Can I upscale an entire catalog at once instead of one photo at a time?
Yes. Snappyit's free Product Photo Upscaler runs in batch, so you can push a full catalog of soft or low-resolution photos through in one pass toward a 2200px square master. There is no login, no watermark, and no usage cap, which matters when you are processing hundreds of SKUs. Gather every photo under 2000px on its shortest side, batch-upscale, then export per-platform crops from the masters.
Do I need to worry about DPI for marketplace listings?
No. Marketplaces render images based on absolute pixel count, not PPI/DPI, which is metadata that only affects physical print sizing. A 2200px square master is correct for every marketplace regardless of its PPI tag. DPI matters only if you also run print-on-demand, where the 300 DPI standard means you may need to push toward ~4000px to print at a usable physical size.
Is white background part of these size requirements?

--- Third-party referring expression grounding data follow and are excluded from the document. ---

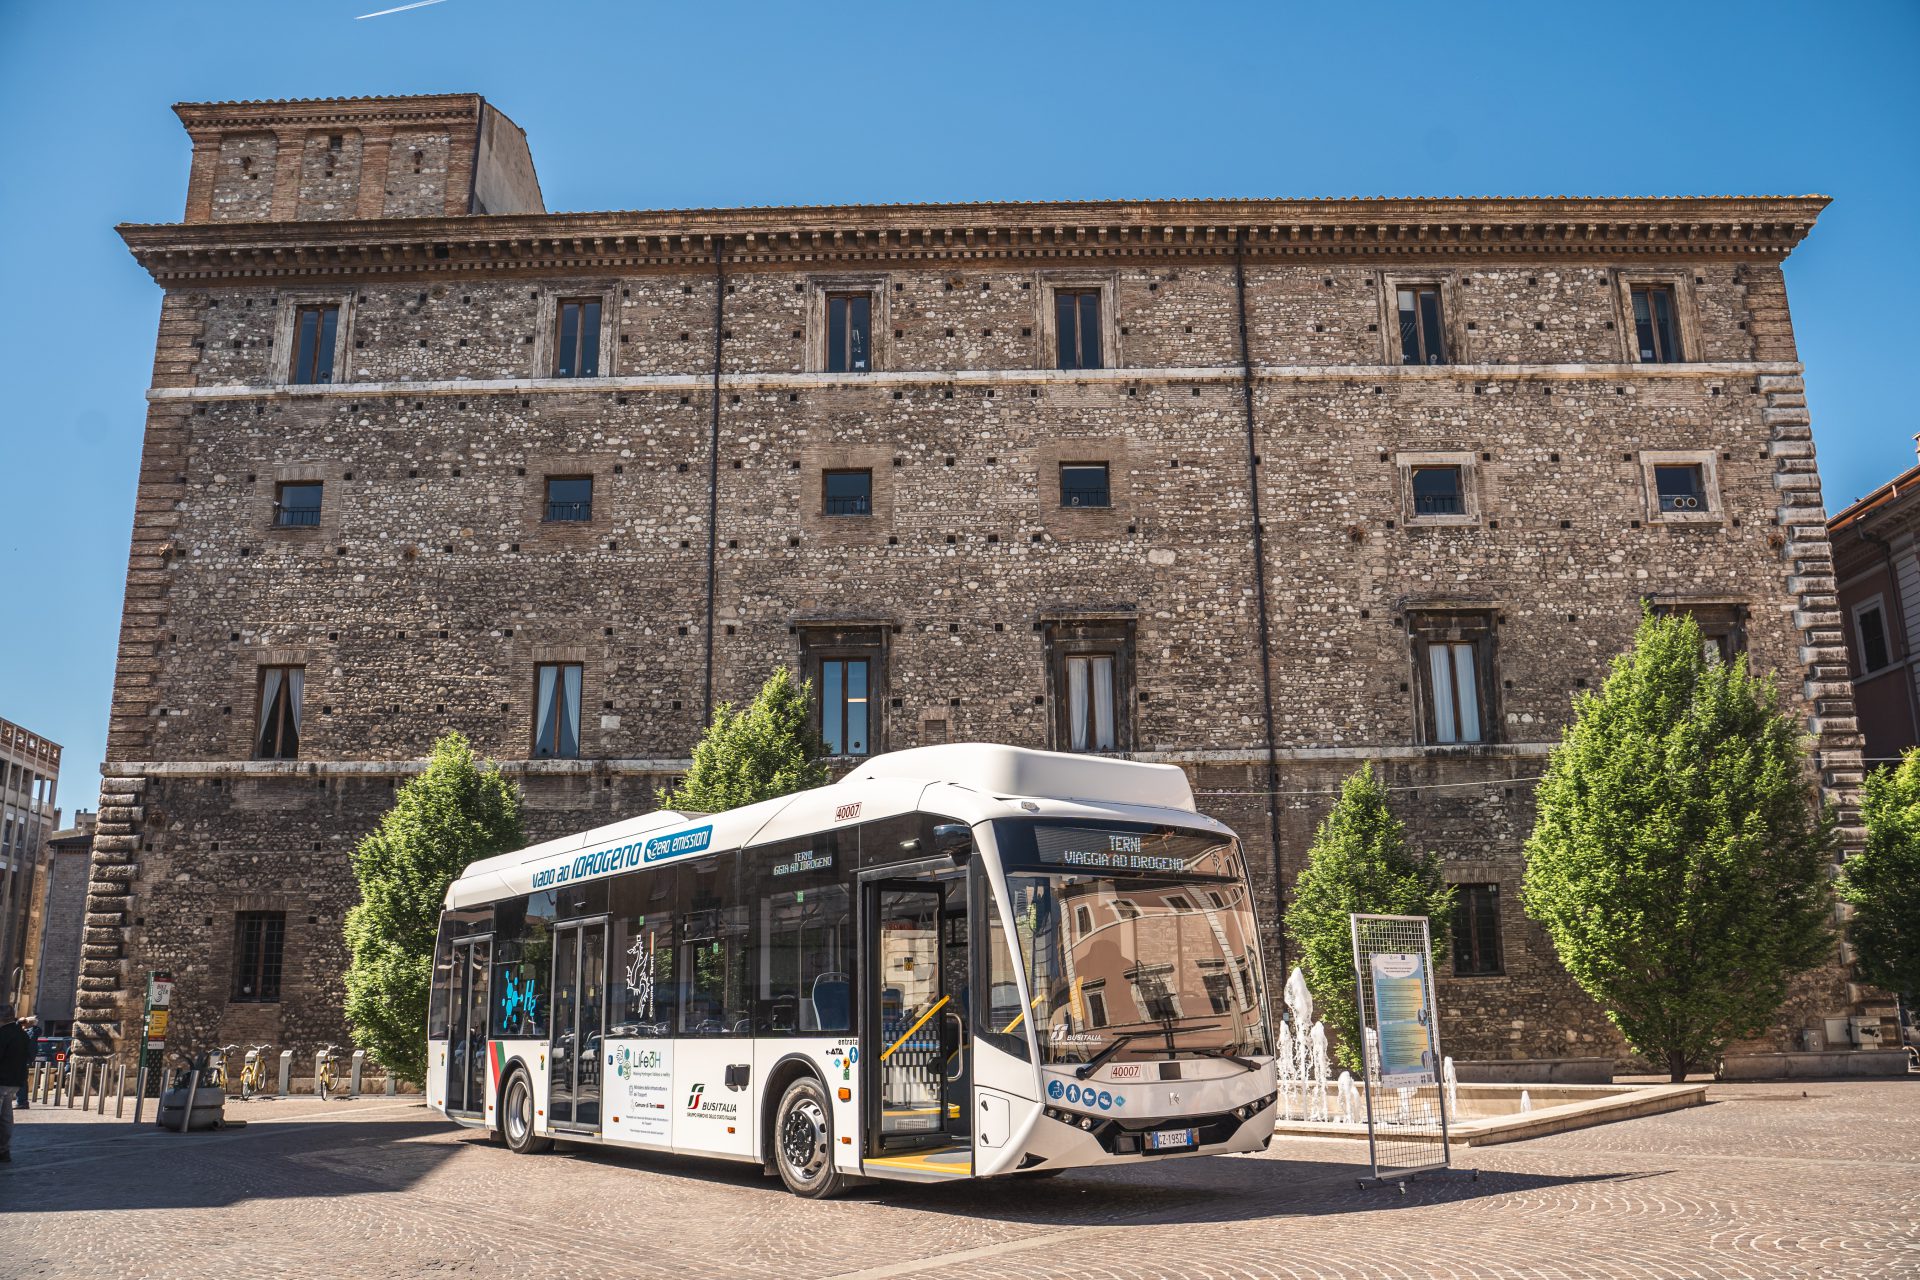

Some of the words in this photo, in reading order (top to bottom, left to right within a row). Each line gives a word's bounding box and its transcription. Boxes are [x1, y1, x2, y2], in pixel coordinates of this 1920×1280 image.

[836, 804, 859, 819] 40007
[1109, 836, 1140, 852] TERNI
[1064, 851, 1109, 866] VIAGGIA
[1112, 854, 1128, 868] AD
[1130, 855, 1184, 871] IDROGENO
[1113, 1066, 1139, 1077] 40007
[702, 1101, 737, 1113] BUSITALIA

No — background and resolution are separate checkboxes. Amazon and Walmart require a pure white background for the primary image; Etsy and eBay do not mandate it. White-background and transparent-PNG handling is a distinct topic from image size and zoom, so treat them independently: size your master to 2200px square first, then handle background rules per platform as a second step.

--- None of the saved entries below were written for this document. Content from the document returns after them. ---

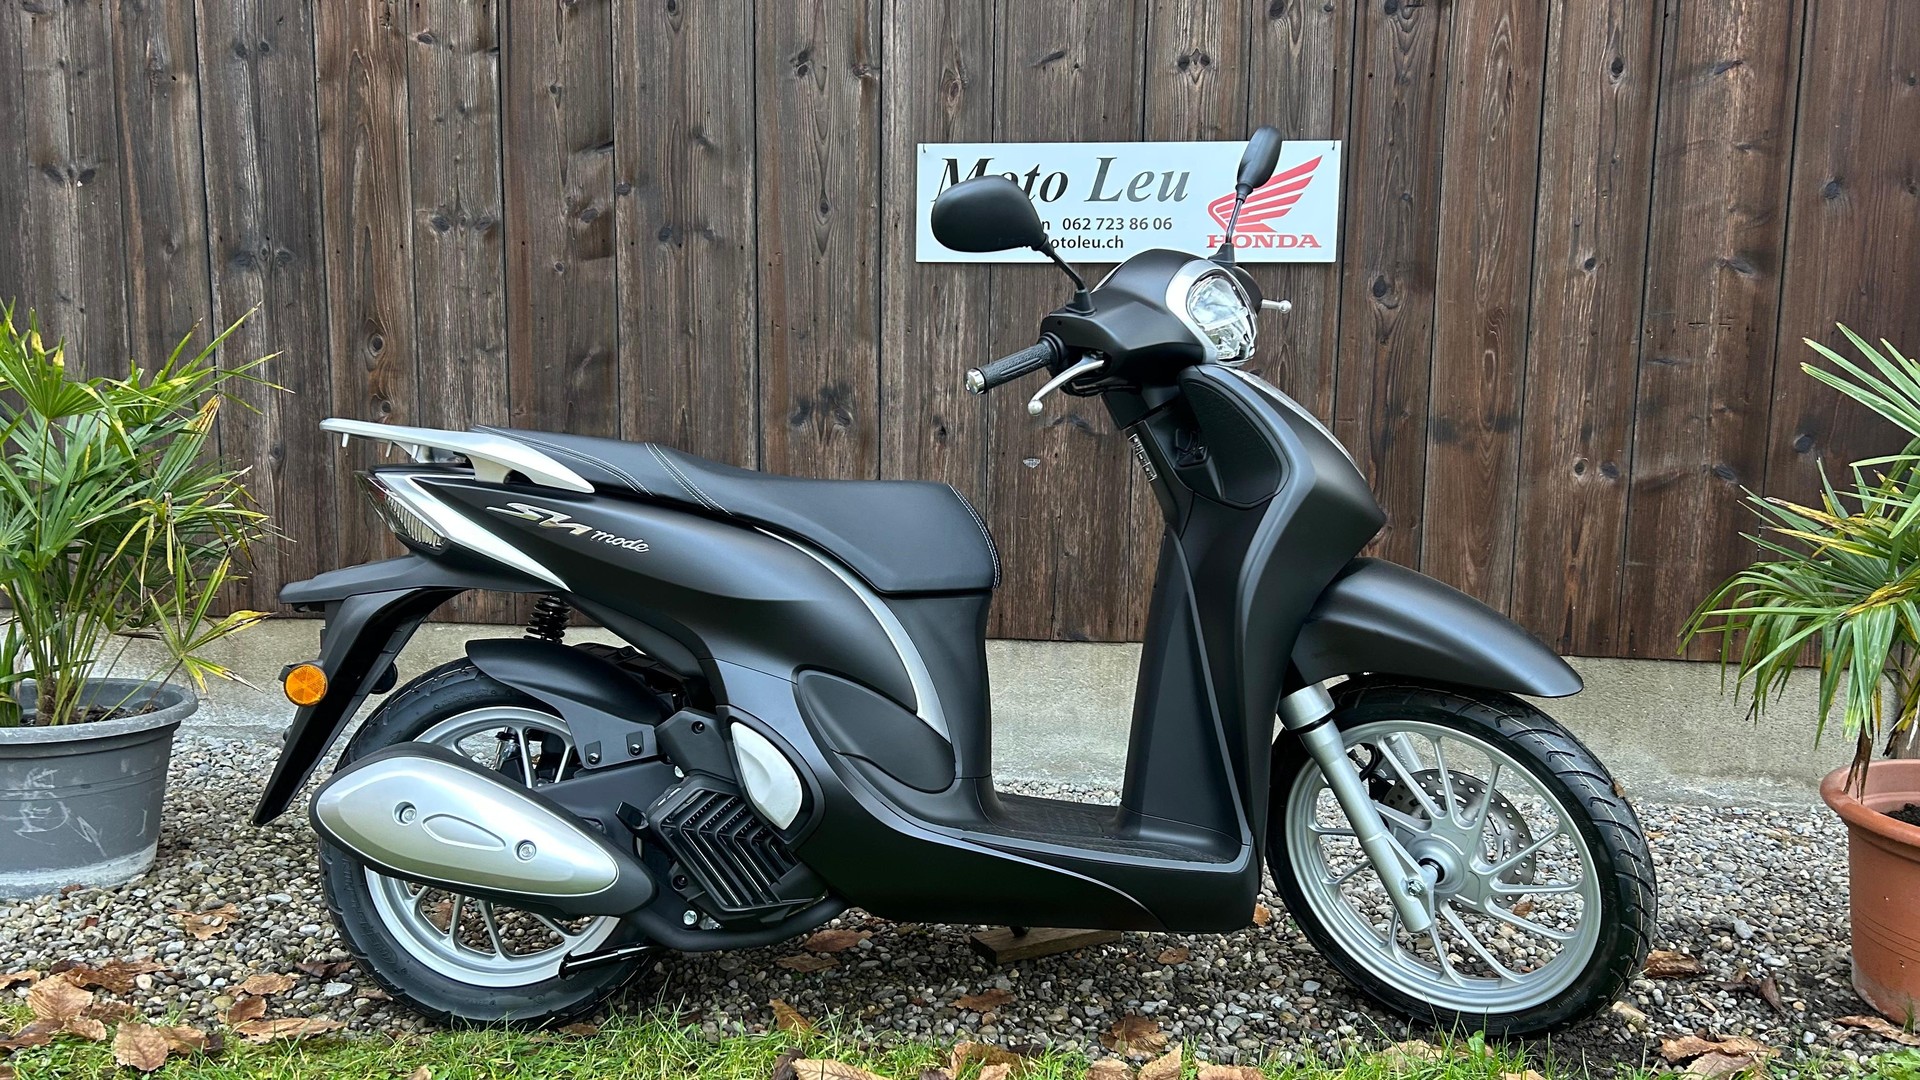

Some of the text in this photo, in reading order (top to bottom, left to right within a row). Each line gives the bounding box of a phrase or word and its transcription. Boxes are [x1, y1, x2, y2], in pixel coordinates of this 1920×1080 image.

[1083, 156, 1190, 203] Leu
[1062, 217, 1091, 231] 062
[1096, 217, 1125, 231] 723
[1129, 217, 1149, 231] 86
[1153, 217, 1173, 231] 06
[1051, 235, 1124, 249] otoleu.ch
[1206, 234, 1322, 249] HONDA
[591, 529, 650, 553] mode

Why does my listing look fine in the grid but shoppers say they can't zoom?
That is a disabled-zoom failure, which is invisible in your dashboard. Each platform turns zoom on at a specific threshold — Amazon at 1000px on the longest side, eBay at 1600px, Etsy at 2000px on the shortest side, Shopify and Walmart at their own floors. If your image is below that threshold, the listing publishes and displays normally in search but the magnifier never activates, quietly costing conversions until you upscale the file.